The History of Body Art and Modification

Almost every civilization has some kind of practice or ritual involving tattooing. Natives from Africa, Borneo, Polynesia, Philippines, and Mesoamerica still use tattoos as either religious or war symbols. Same in Japan and China, where tattoos were in common usage among warriors and shamans.

Perhaps the oldest example of tattooing is “Otzi the Iceman,” a frozen mummy dating from the Neolithic period (around 3300 BC). Found in a glacier of the Otztaler Alps, between Italy and Austria, Otzi exhibits tattoos that resemble small dashes along the lumbar region and on the legs. Of his 57 tattoos, most are located on what today are considered acupuncture points, leading anthropologists to believe the tattoos were used for medicinal purposes.

Other examples of the ancient use of tattoos are three mummies found in the Altai Mountains in Siberia. All three (two men and a woman) were heavily tattooed with animal designs, and one of the men also sported dots along the spinal column and around the right ankle.

Tattoos have been used for all kind of purposes ever since the dawn of time. Over the years, they have served as symbols of rights, symbols of rank and seniority or being juniors, symbols of spirituality, devotion, religion, rewards and awards for bravery, amulets, talismans and security. Tattoos were also used as a symbol of punishments, being outcast, slavery and conviction. Tattoos have been one of the most frequently used body arts.

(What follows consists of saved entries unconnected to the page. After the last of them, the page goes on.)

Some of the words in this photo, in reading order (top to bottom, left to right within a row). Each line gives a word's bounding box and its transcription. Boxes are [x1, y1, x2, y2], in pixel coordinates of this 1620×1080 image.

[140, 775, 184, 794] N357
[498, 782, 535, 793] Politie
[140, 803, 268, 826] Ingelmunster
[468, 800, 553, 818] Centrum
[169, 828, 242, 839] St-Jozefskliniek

The word tattoo is derived from the Polynesian word, ‘tatao’, which literally means to tap or to mark someone. The word was coined by Captain James Cook in 1769. The original way of creating tattoos was definitely much more brutal than it is today. A sharp pointed comb would be dipped into lampblack and then moved around on the body. The fad then spread from the Polynesian and Tahitians to the Europeans.

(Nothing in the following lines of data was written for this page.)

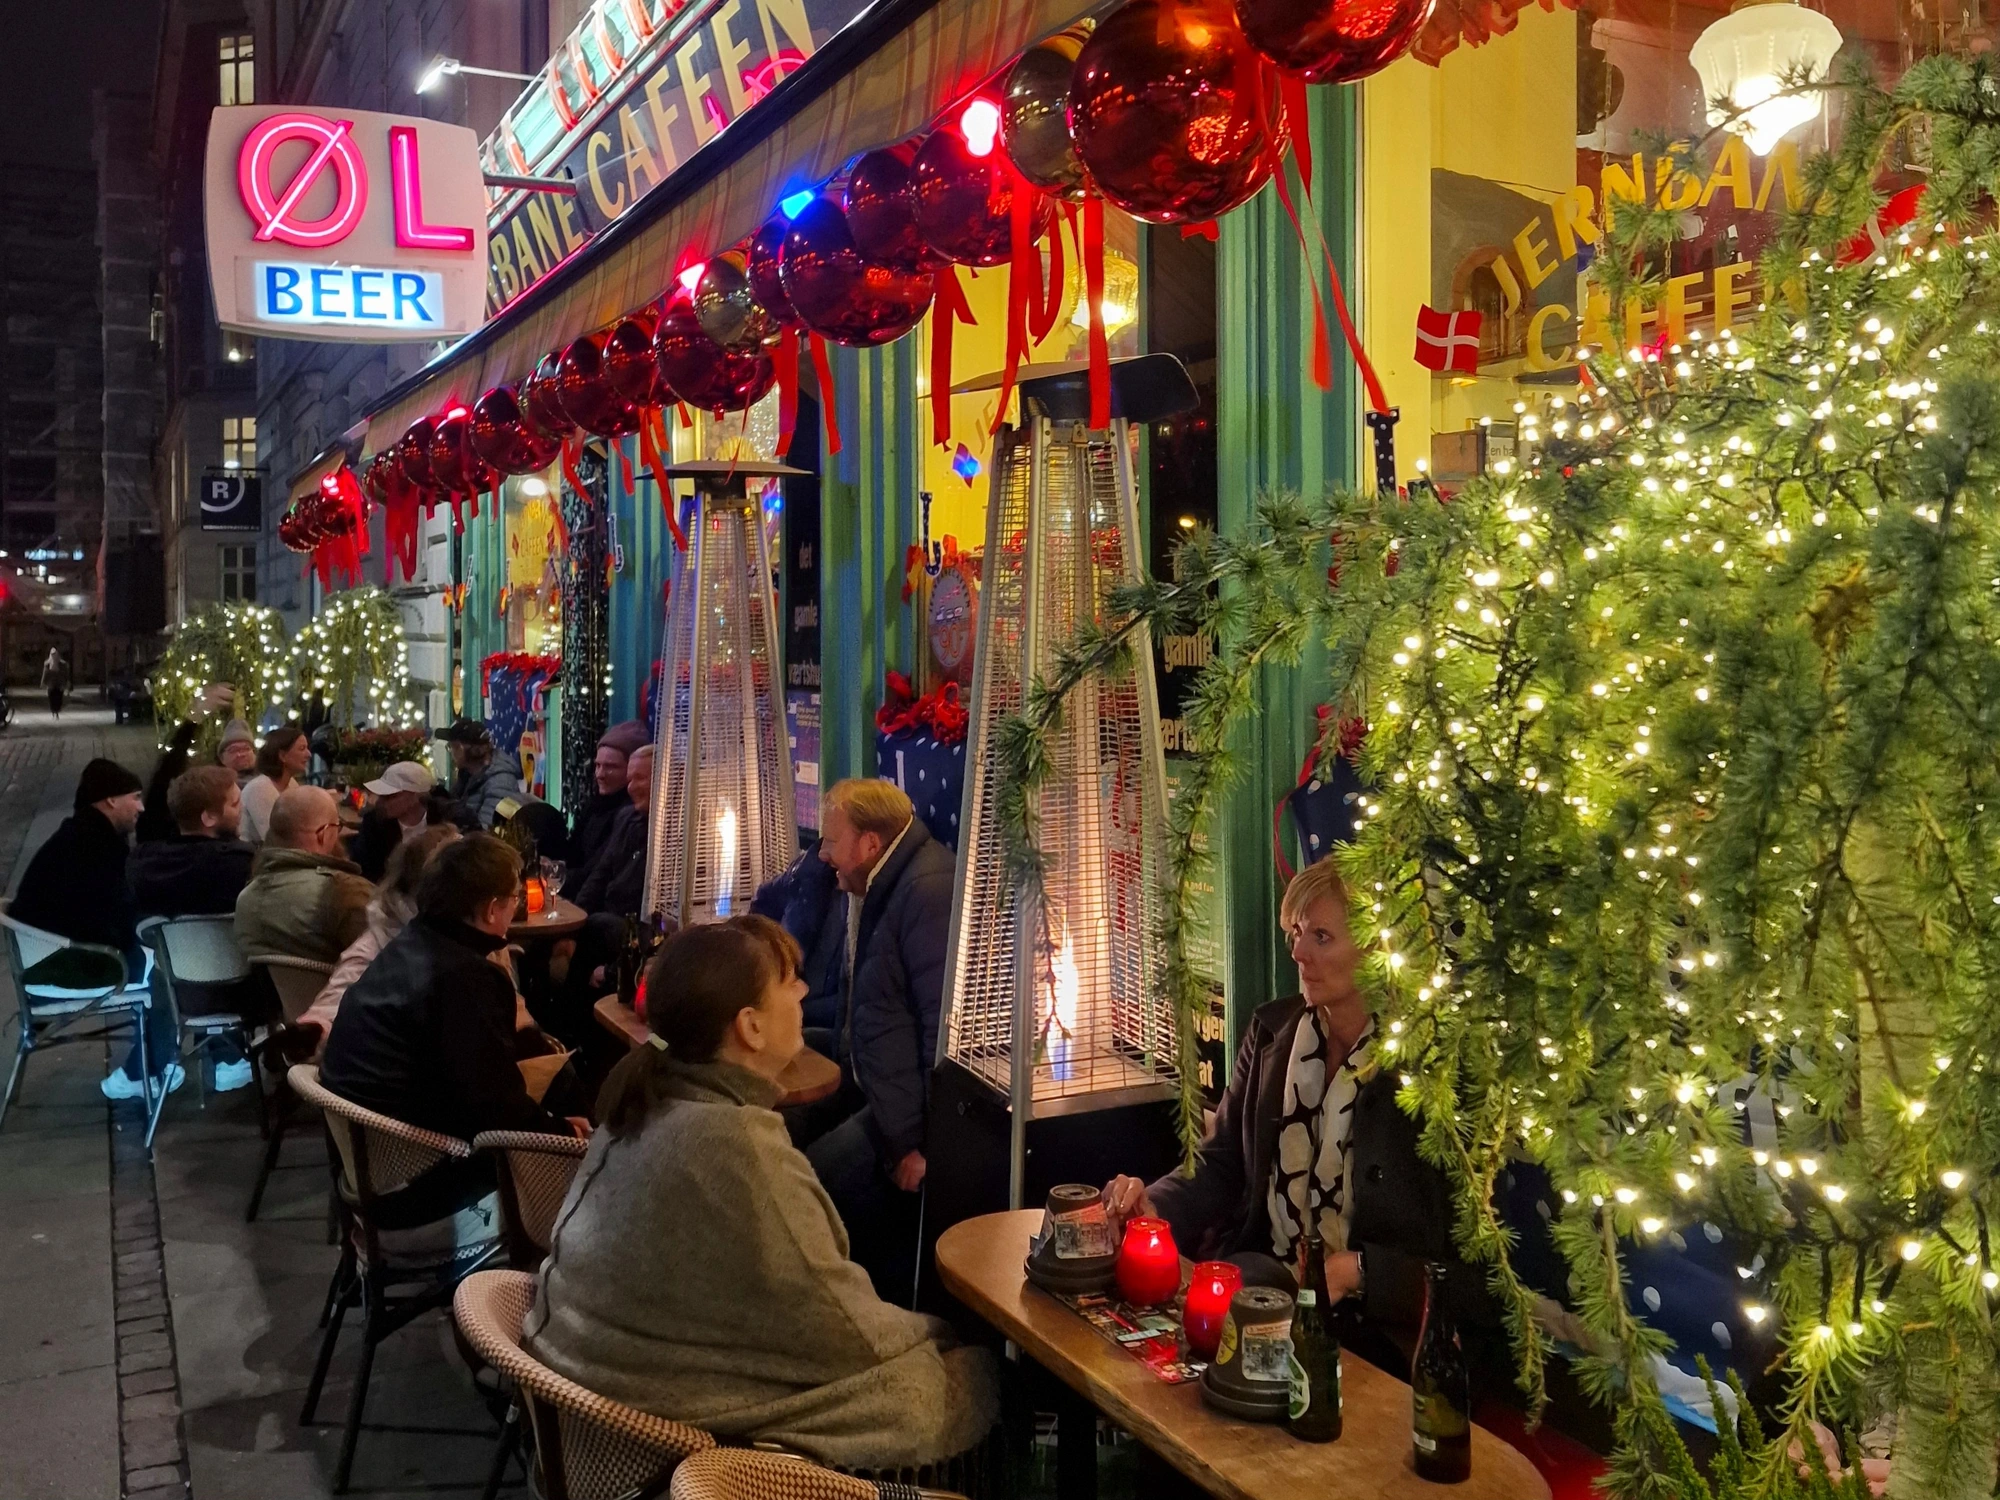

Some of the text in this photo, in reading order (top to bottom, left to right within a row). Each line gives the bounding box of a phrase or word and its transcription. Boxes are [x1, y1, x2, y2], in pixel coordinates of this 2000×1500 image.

[587, 0, 816, 220] CAFEEN
[237, 112, 475, 251] ØL
[1491, 135, 1832, 319] JERNBAN
[265, 265, 433, 322] BEER
[211, 480, 229, 499] R
[795, 600, 818, 632] gamle
[788, 659, 822, 686] værtshu
[1164, 626, 1215, 673] gamle

Tattoos have had other uses in different regions. Tattoos in Egypt can be found as early as before the Pyramids were made. The Greeks used the tattoos primarily to transmit messages between their spies. The Asian world used tattoos to denote a woman coming of age or her marriage. Japan used tattoos for religious purposes and other ceremonial purposes. Tattoos were also used to induce the sexuality in a person. The tattoos of Japan were prepared by the women of Borneo.

Two decades after World War II ended, American artists were still reacting to Minimalism and other Modernist styles like Surrealism, Dadaism, and Cubism. The new body art of the late sixties and early seventies represented the artist’s feeling about the commercialization of art. Honour and Fleming (2005) note that artists debunked the concept of objects and places associated with the new art system; “they hoped to find a way of eluding the system especially the system’s elaborate structures for endowing their work with an exclusiveness, rarity value and luxury character they did not want it to have.”

Bruce Nauman (b. 1941) has been historically concerned with the artistic inspirations offered by ordinary life experiences. In 1966, the same year he graduated with an MFA from University of California, Davis, Nauman created a work of body art called “Self-Portrait as a Fountain.” His body formed the body of the fountain and his mouth served as the fountainhead from which water sprinkled.

In this period, body art was closely associated with performance art. In Europe, the use of human bodies as art forms emerged even before “Self-Portrait as a Fountain.” In 1960, Yves Klein (France), Lucio Fontana (Italy), and Gilbert and George (UK) created “living sculptures” with the assistance of live human models.

Whether you look to ancient history, Modernism, or twenty-first century art, you can find examples of adorning the human body or using the human body as a solid medium for artistic expression.